L’impôt rapportait 600 millions de roubles ; mais l’augmentation moyenne de 10 pour 100 du travail des ouvriers russes représente bien davantage, et diverses taxes nouvelles ont aisément comblé déjà le déficit des droits sur l’alcool et la bière. Car le commerce de la bière et celui du vin ont aussi été défendus dans les campagnes et dans la plupart des villes. Peut-être même y a-t-il là quelque exagération, d’après le ministre de l’Agriculture, qui déclare souhaitable la vente de la bière et du vin, dans l’intérêt de la tempérance, pour combattre la distillation clandestine et la diffusion de substituts dangereux.

Les brasseurs russes ont fait valoir que leurs établissmiens, au nombre d’un millier, représentant un capital de 500 millions de francs, payaient 60 millions de francs d’accises et produisaient pour 400 millions de francs de marchandises. Les municipalités, du reste, ne proscrivent pas toutes uniformément les boissons alcooliques : le vin, défendu à Petrograd, se vend à Tsarskoié-Selo et Pavlovsk, d’où il est permis de le porter dans la capitale ; interdit à Moscou, il y est introduit par Kalouga, distant de 175 kilomètres.
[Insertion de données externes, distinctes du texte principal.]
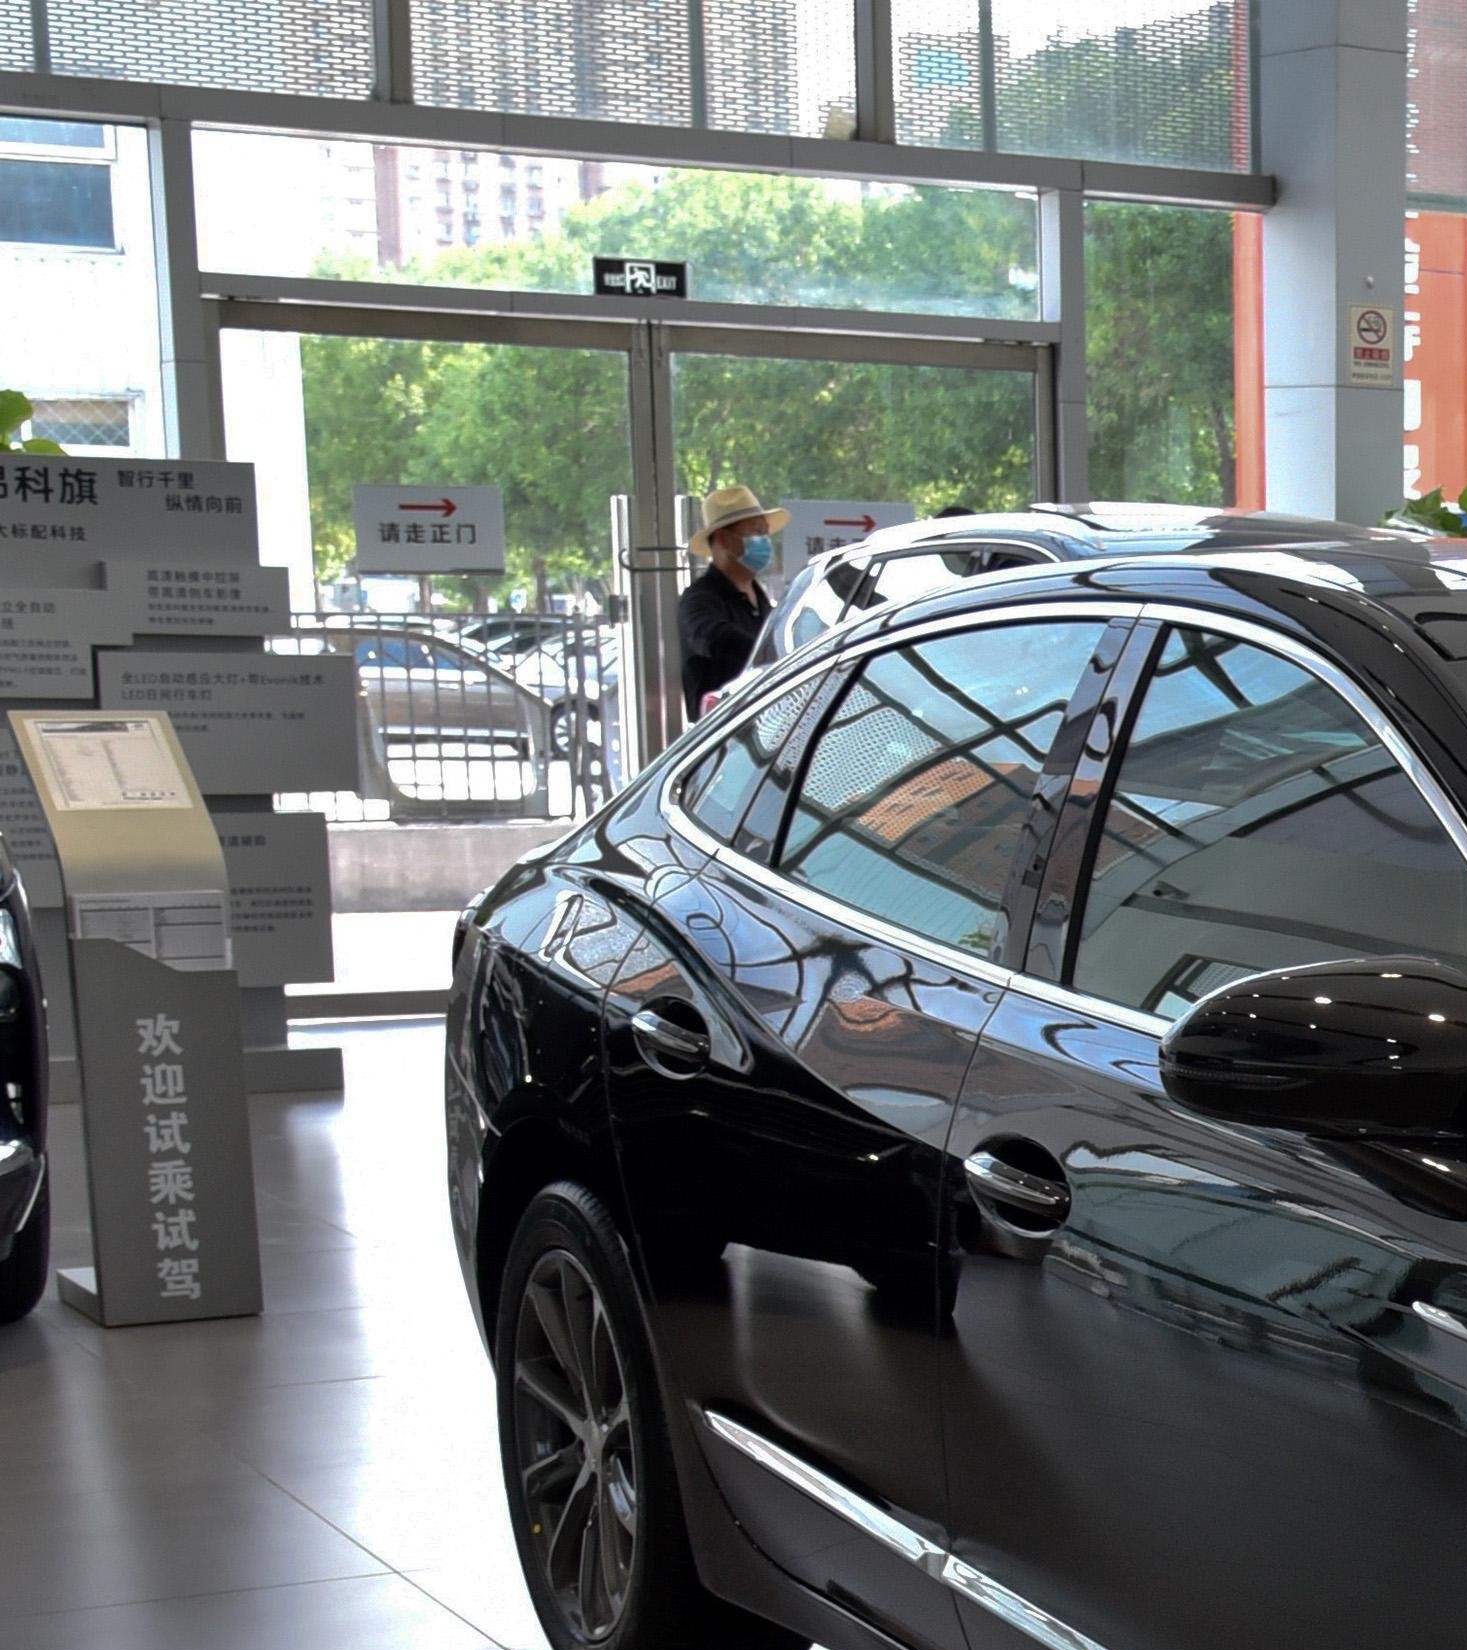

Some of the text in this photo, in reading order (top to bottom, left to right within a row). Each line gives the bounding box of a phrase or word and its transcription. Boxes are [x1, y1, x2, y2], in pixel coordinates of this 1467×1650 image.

[0, 466, 98, 505] 科旗
[117, 469, 195, 489] 智行千里
[165, 494, 243, 514] 纵情向前
[378, 522, 478, 546] 请走正门
[135, 1012, 201, 1300] 欢迎试乘试驾
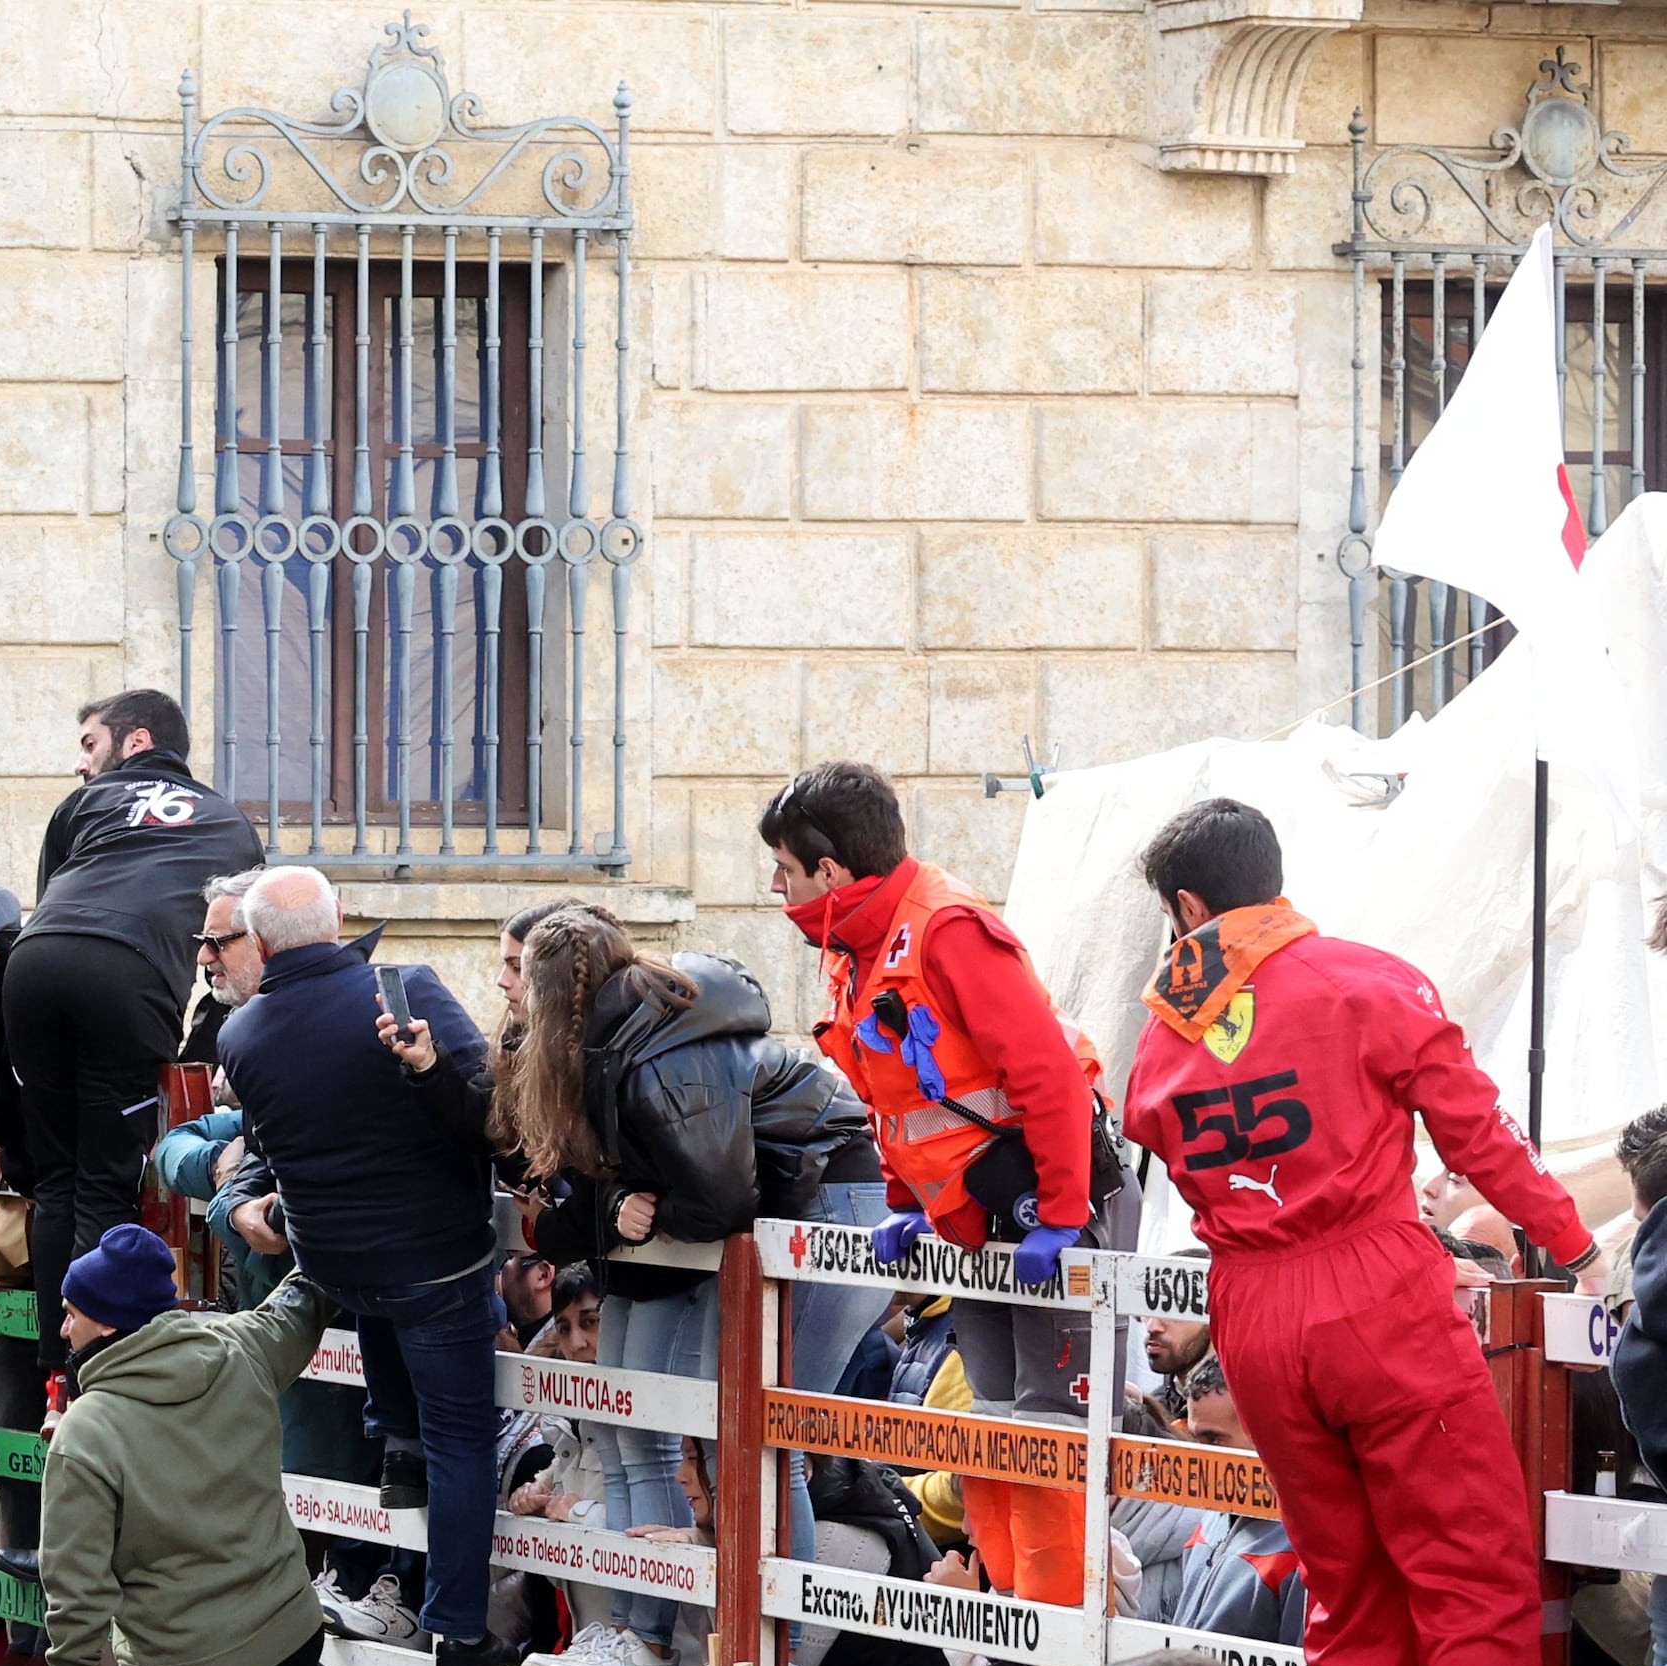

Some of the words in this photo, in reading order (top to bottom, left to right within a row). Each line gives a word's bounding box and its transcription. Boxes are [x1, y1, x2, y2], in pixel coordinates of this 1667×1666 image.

[1171, 1069, 1313, 1172] 55
[810, 1229, 849, 1272] USO
[958, 1251, 1011, 1294] CRUZ
[1144, 1265, 1189, 1314] USO
[1191, 1270, 1210, 1316] E
[538, 1370, 633, 1417] MULTICIA.es
[8, 1440, 45, 1477] GES
[768, 1402, 841, 1448] PROHIBIDA
[844, 1411, 861, 1451] LA
[865, 1415, 970, 1466] PARTICIPACIÓN
[972, 1429, 984, 1468] A
[987, 1430, 1058, 1479] MENORES
[1066, 1442, 1087, 1483] DE
[1117, 1448, 1133, 1489] 18
[1187, 1457, 1209, 1500] EN
[1213, 1462, 1247, 1505] LOS
[1251, 1466, 1278, 1510] ES
[295, 1493, 321, 1523] Bajo
[326, 1498, 392, 1535] SALAMANCA
[516, 1533, 530, 1554] de
[531, 1536, 569, 1565] Toledo
[570, 1544, 584, 1568] 26
[592, 1549, 637, 1579] CIUDAD
[640, 1557, 695, 1591] RODRIGO
[801, 1573, 869, 1623] Excmo.
[872, 1586, 1040, 1651] AYUNTAMIENTO
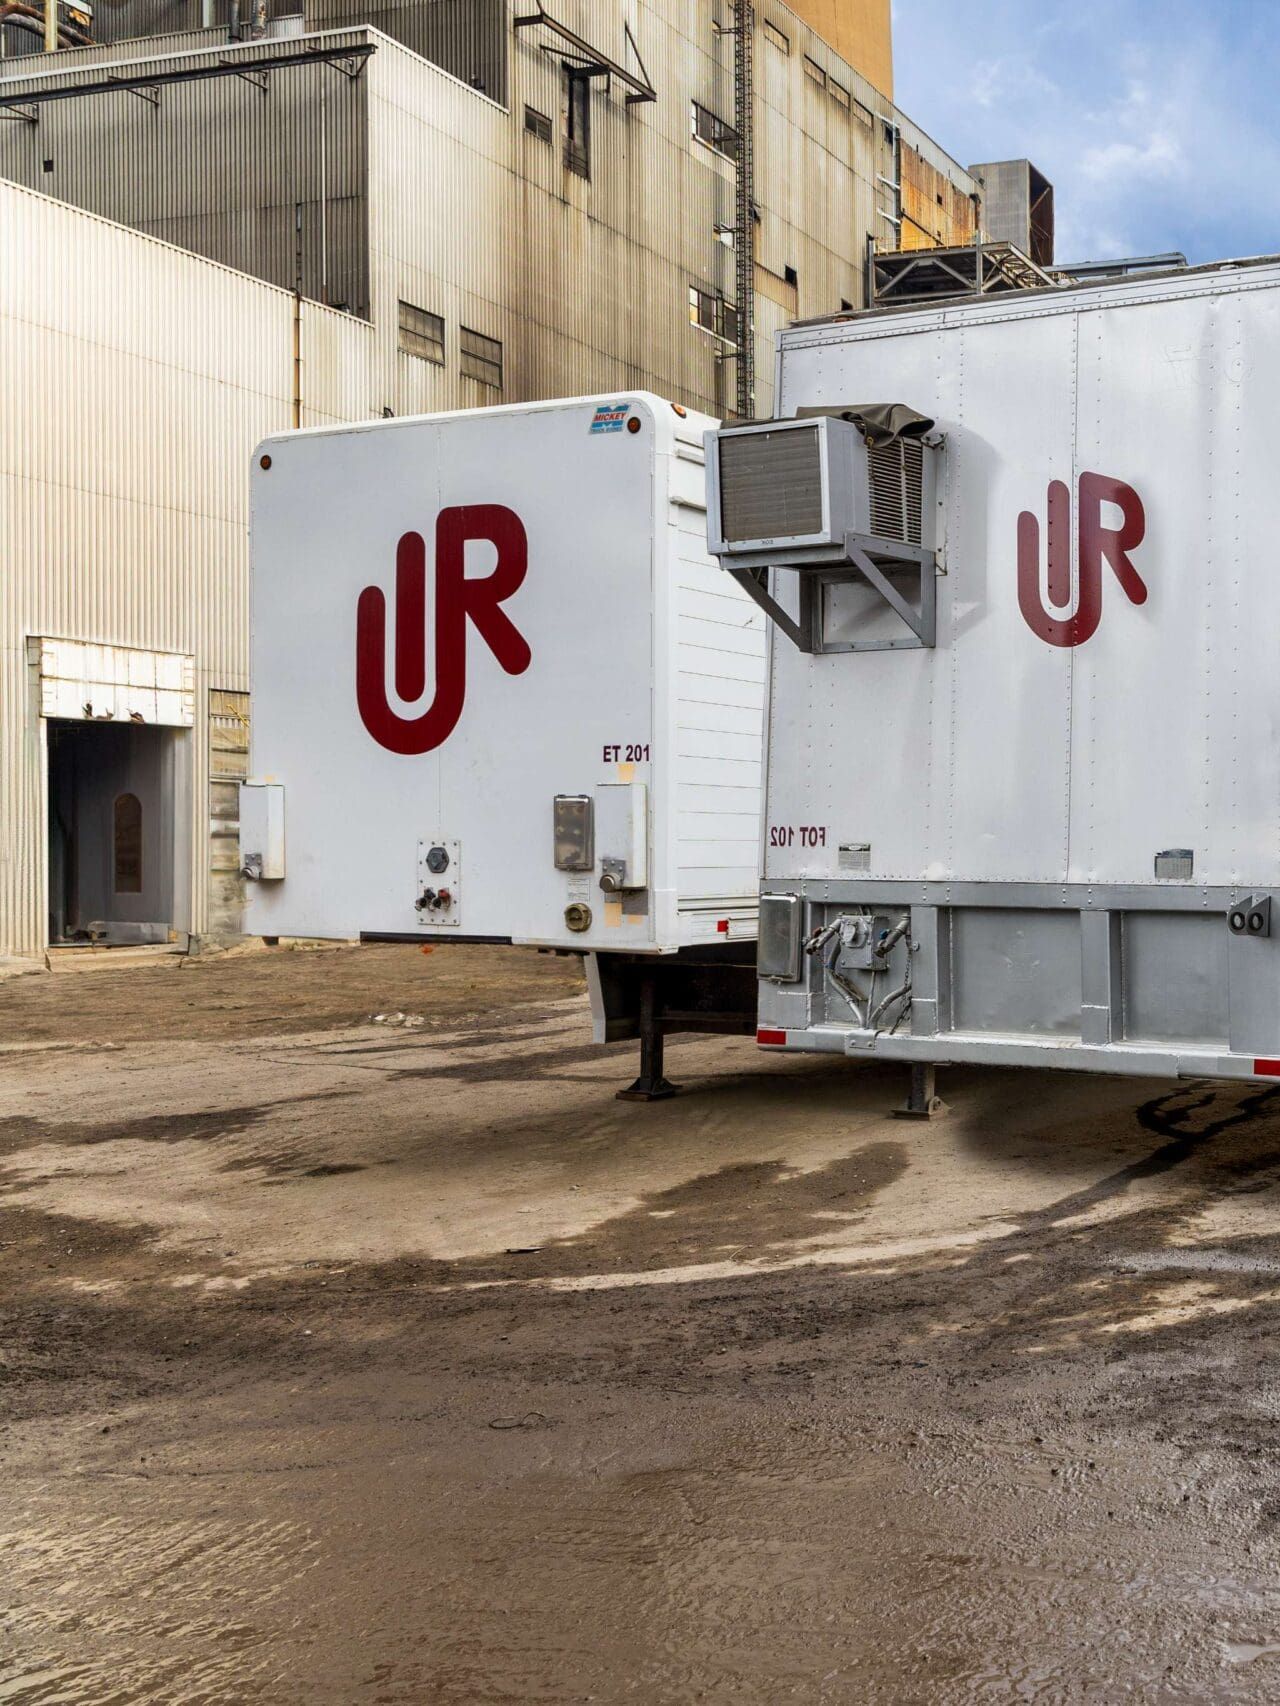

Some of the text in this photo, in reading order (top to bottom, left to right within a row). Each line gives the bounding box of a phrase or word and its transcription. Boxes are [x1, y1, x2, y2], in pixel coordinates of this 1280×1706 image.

[593, 412, 626, 421] MICKEY
[603, 744, 650, 762] ET 201
Mais, dans son ensemble, l’hostilité de l’opinion russe contre l’alcool est formelle et absolue : « Doit-on empoisonner le peuple, dit-elle, pour sauver les revenus de 5 000 fabricans de vodka et de quelques milliers de brasseurs et ère viticulteurs ? » Nous avions en janvier 1914, dit le ministre des Finances, « 8 500 Caisses d’épargne et 25 000 débits officiels d’alcool ; j’espère avoir bientôt le contraire. En tout cas, le chiffre des économies confiées à ces caisses est passé de 15 à 200 millions par mois, formant aujourd’hui 6 milliards de francs appartenant surtout à des paysans.